> Directions for this task: Repeat every entry exactly. Do not include the pictures.

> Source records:
---
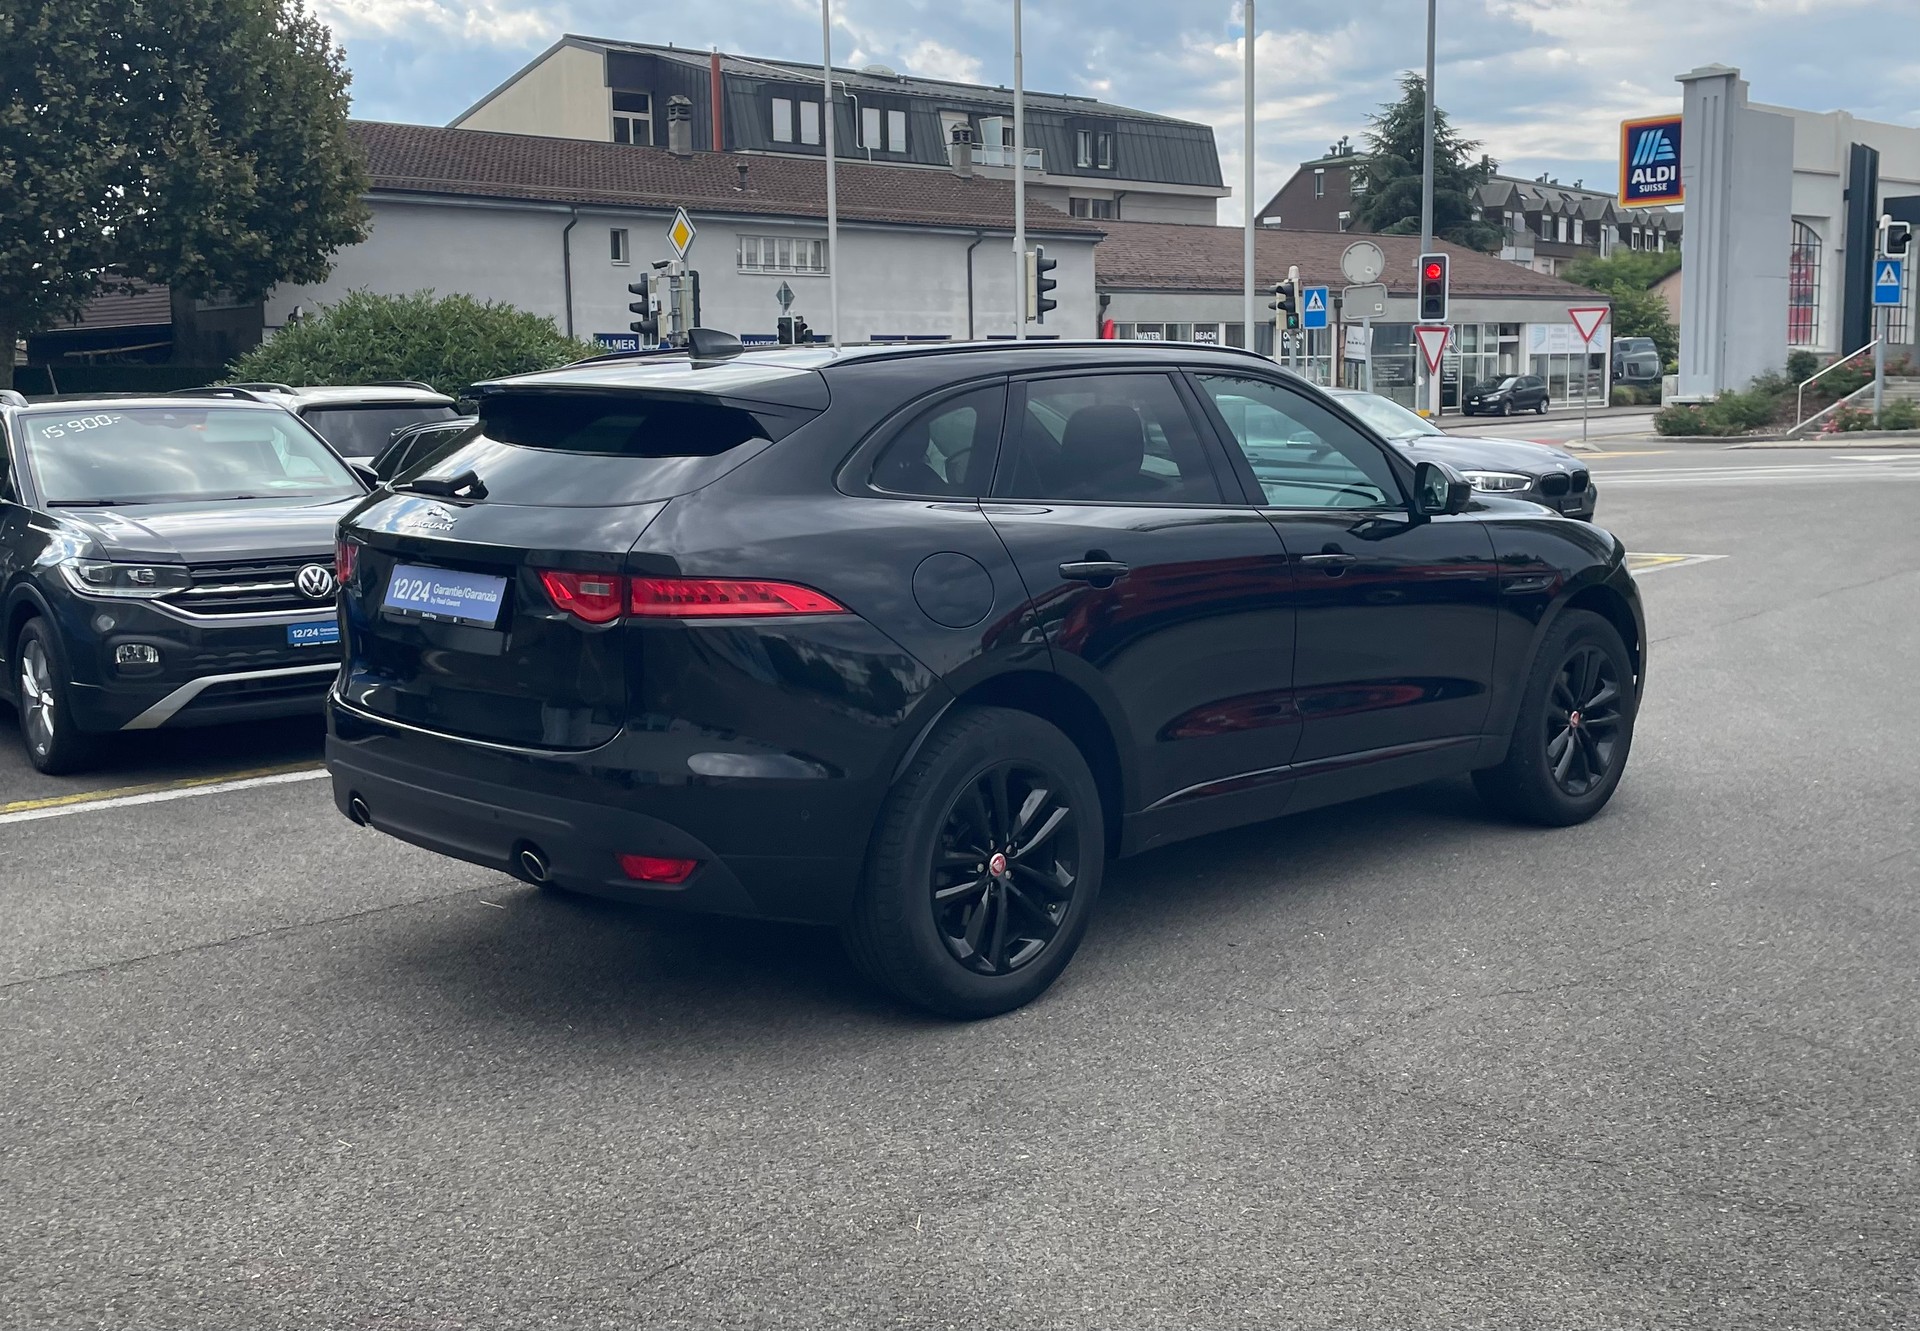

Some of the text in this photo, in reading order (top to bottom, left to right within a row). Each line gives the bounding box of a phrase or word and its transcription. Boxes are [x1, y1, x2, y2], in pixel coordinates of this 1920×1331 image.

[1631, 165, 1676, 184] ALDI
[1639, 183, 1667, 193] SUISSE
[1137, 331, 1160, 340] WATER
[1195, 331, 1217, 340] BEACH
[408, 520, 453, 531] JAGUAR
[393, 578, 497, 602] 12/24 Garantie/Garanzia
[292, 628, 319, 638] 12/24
---
> Expected answer:
Some of the text in this photo, in reading order (top to bottom, left to right within a row). Each line gives the bounding box of a phrase or word and its transcription. Boxes are [x1, y1, x2, y2], in pixel coordinates of this 1920×1331 image.

[1631, 165, 1676, 184] ALDI
[1639, 183, 1667, 193] SUISSE
[1137, 331, 1160, 340] WATER
[1195, 331, 1217, 340] BEACH
[408, 520, 453, 531] JAGUAR
[393, 578, 497, 602] 12/24 Garantie/Garanzia
[292, 628, 319, 638] 12/24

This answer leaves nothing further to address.